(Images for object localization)
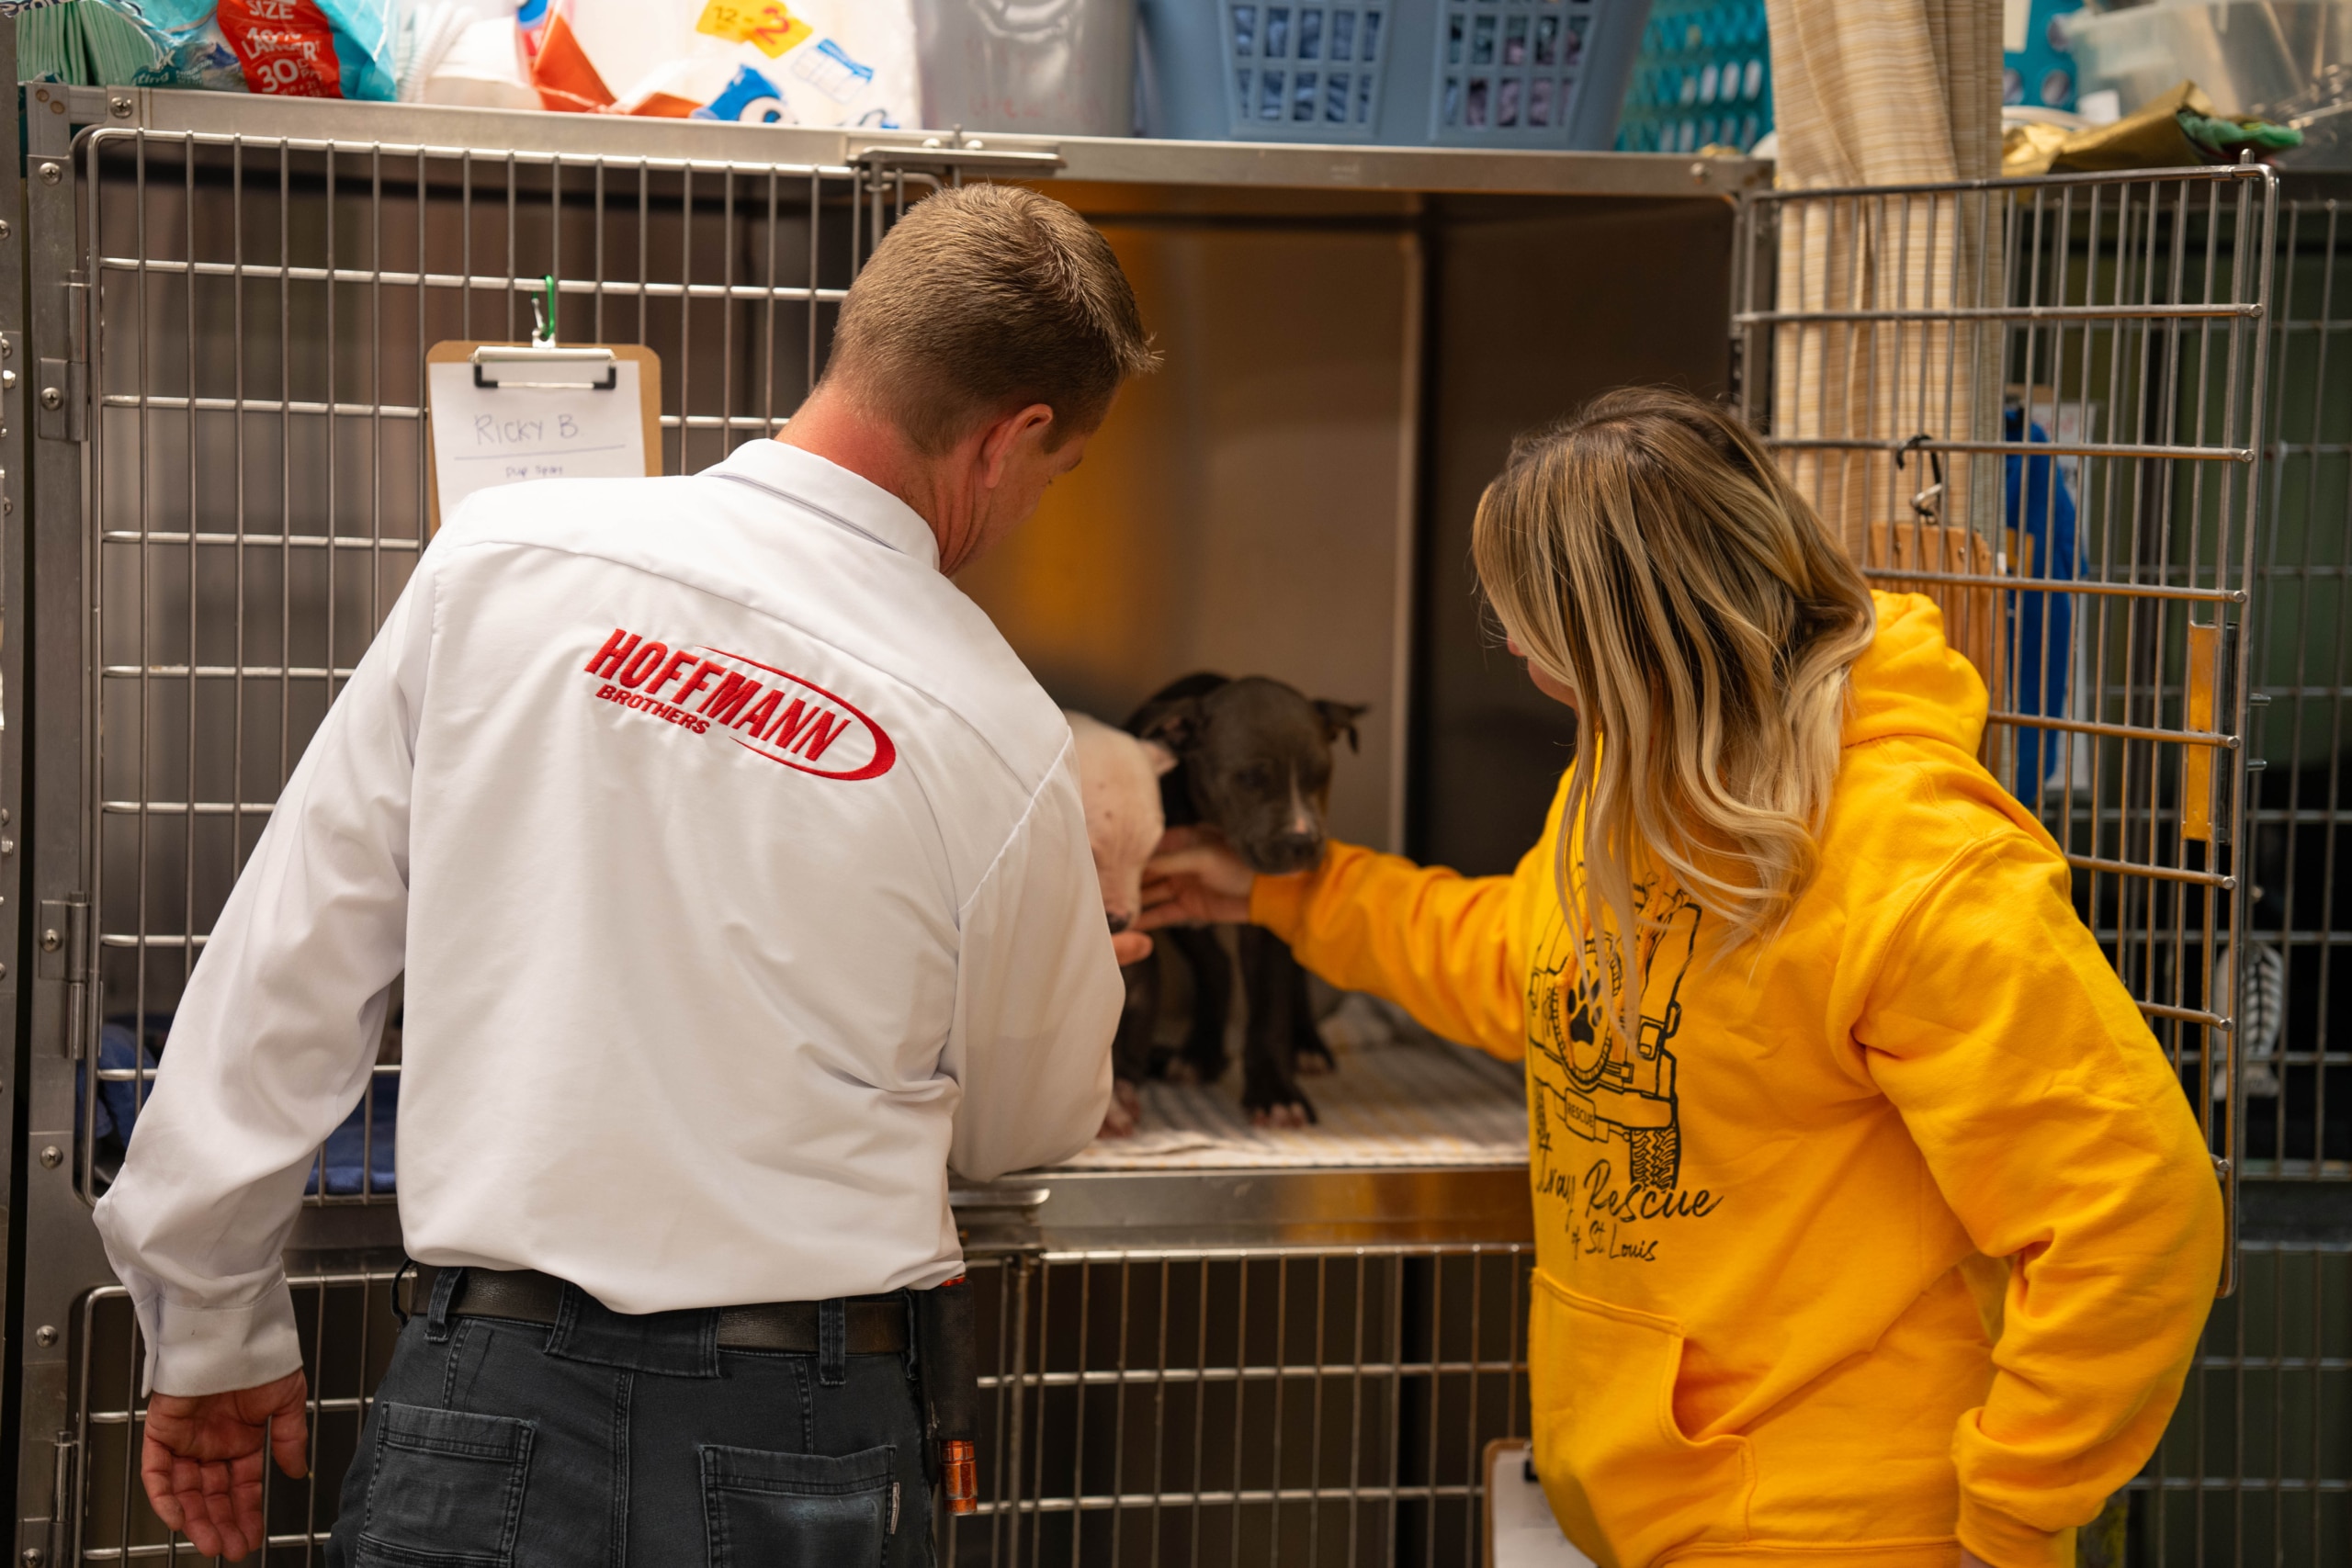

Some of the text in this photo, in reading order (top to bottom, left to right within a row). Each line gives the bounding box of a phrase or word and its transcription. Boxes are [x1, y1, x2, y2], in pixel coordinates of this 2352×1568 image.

[246, 0, 295, 19] SIZE
[257, 59, 299, 93] 30
[558, 414, 579, 440] B
[583, 628, 852, 761] HOFFMANN
[595, 683, 710, 734] BROTHERS
[1567, 1102, 1595, 1129] RESCUE
[1583, 1158, 1724, 1223] Rescue
[1609, 1223, 1659, 1262] Louis

What you have to do
Could you reproduce the data above exactly, without its pictures?

Response to this task
Some of the text in this photo, in reading order (top to bottom, left to right within a row). Each line gives the bounding box of a phrase or word and its transcription. Boxes are [x1, y1, x2, y2], in pixel coordinates of this 2352×1568 image.

[246, 0, 295, 19] SIZE
[257, 59, 299, 93] 30
[558, 414, 579, 440] B
[583, 628, 852, 761] HOFFMANN
[595, 683, 710, 734] BROTHERS
[1567, 1102, 1595, 1129] RESCUE
[1583, 1158, 1724, 1223] Rescue
[1609, 1223, 1659, 1262] Louis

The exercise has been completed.